Phrase grounding data
········

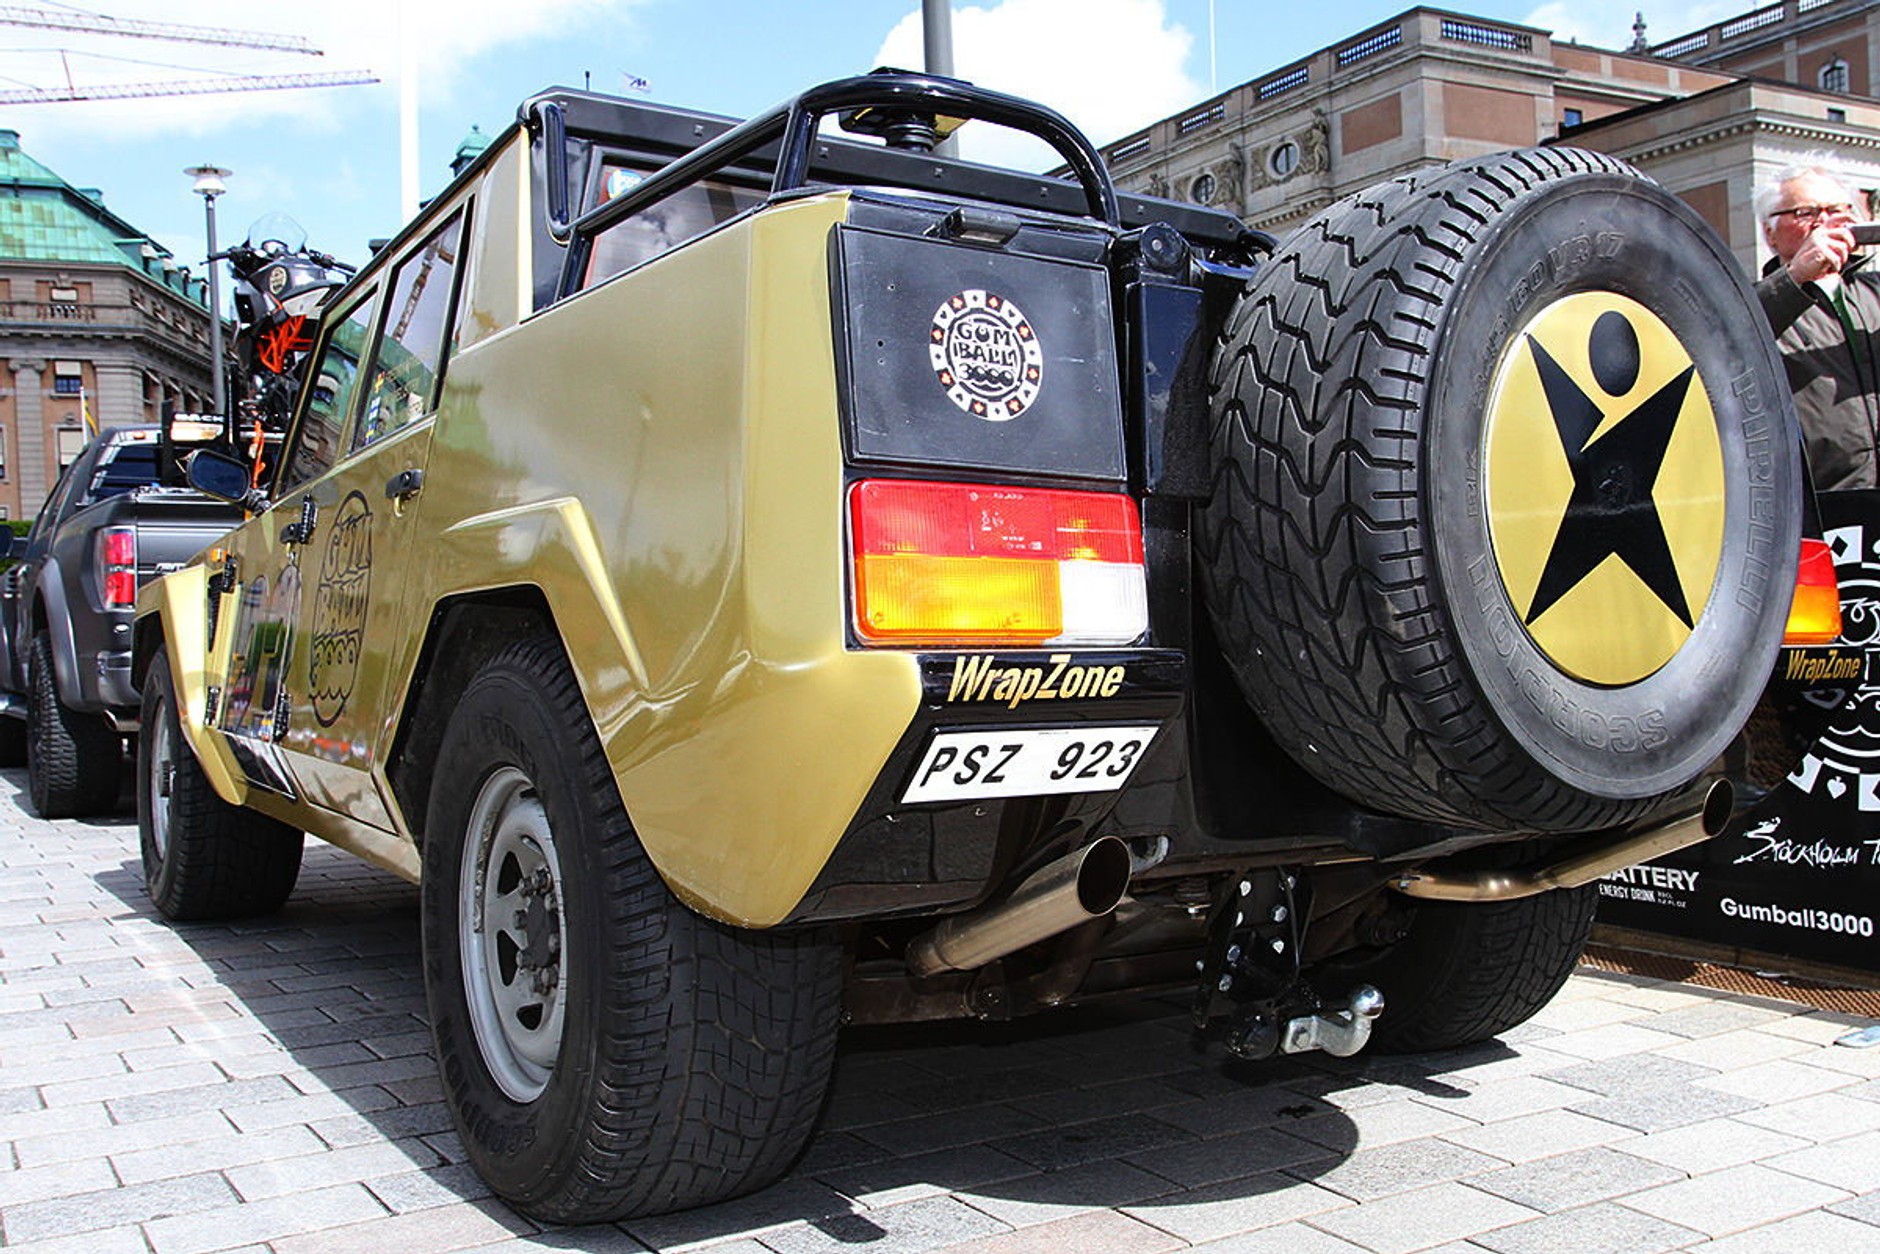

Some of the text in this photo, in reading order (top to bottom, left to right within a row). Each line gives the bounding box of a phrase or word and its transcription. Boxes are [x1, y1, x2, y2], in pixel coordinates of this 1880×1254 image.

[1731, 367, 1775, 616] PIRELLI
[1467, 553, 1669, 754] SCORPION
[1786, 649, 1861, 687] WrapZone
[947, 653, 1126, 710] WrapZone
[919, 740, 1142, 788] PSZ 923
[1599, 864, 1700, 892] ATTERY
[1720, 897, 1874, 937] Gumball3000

········

PROBLEM TO SOLVE
Copy every entry word for word, but omit the pictures.

EXERCISE ANSWER
Some of the text in this photo, in reading order (top to bottom, left to right within a row). Each line gives the bounding box of a phrase or word and its transcription. Boxes are [x1, y1, x2, y2], in pixel coordinates of this 1880×1254 image.

[1731, 367, 1775, 616] PIRELLI
[1467, 553, 1669, 754] SCORPION
[1786, 649, 1861, 687] WrapZone
[947, 653, 1126, 710] WrapZone
[919, 740, 1142, 788] PSZ 923
[1599, 864, 1700, 892] ATTERY
[1720, 897, 1874, 937] Gumball3000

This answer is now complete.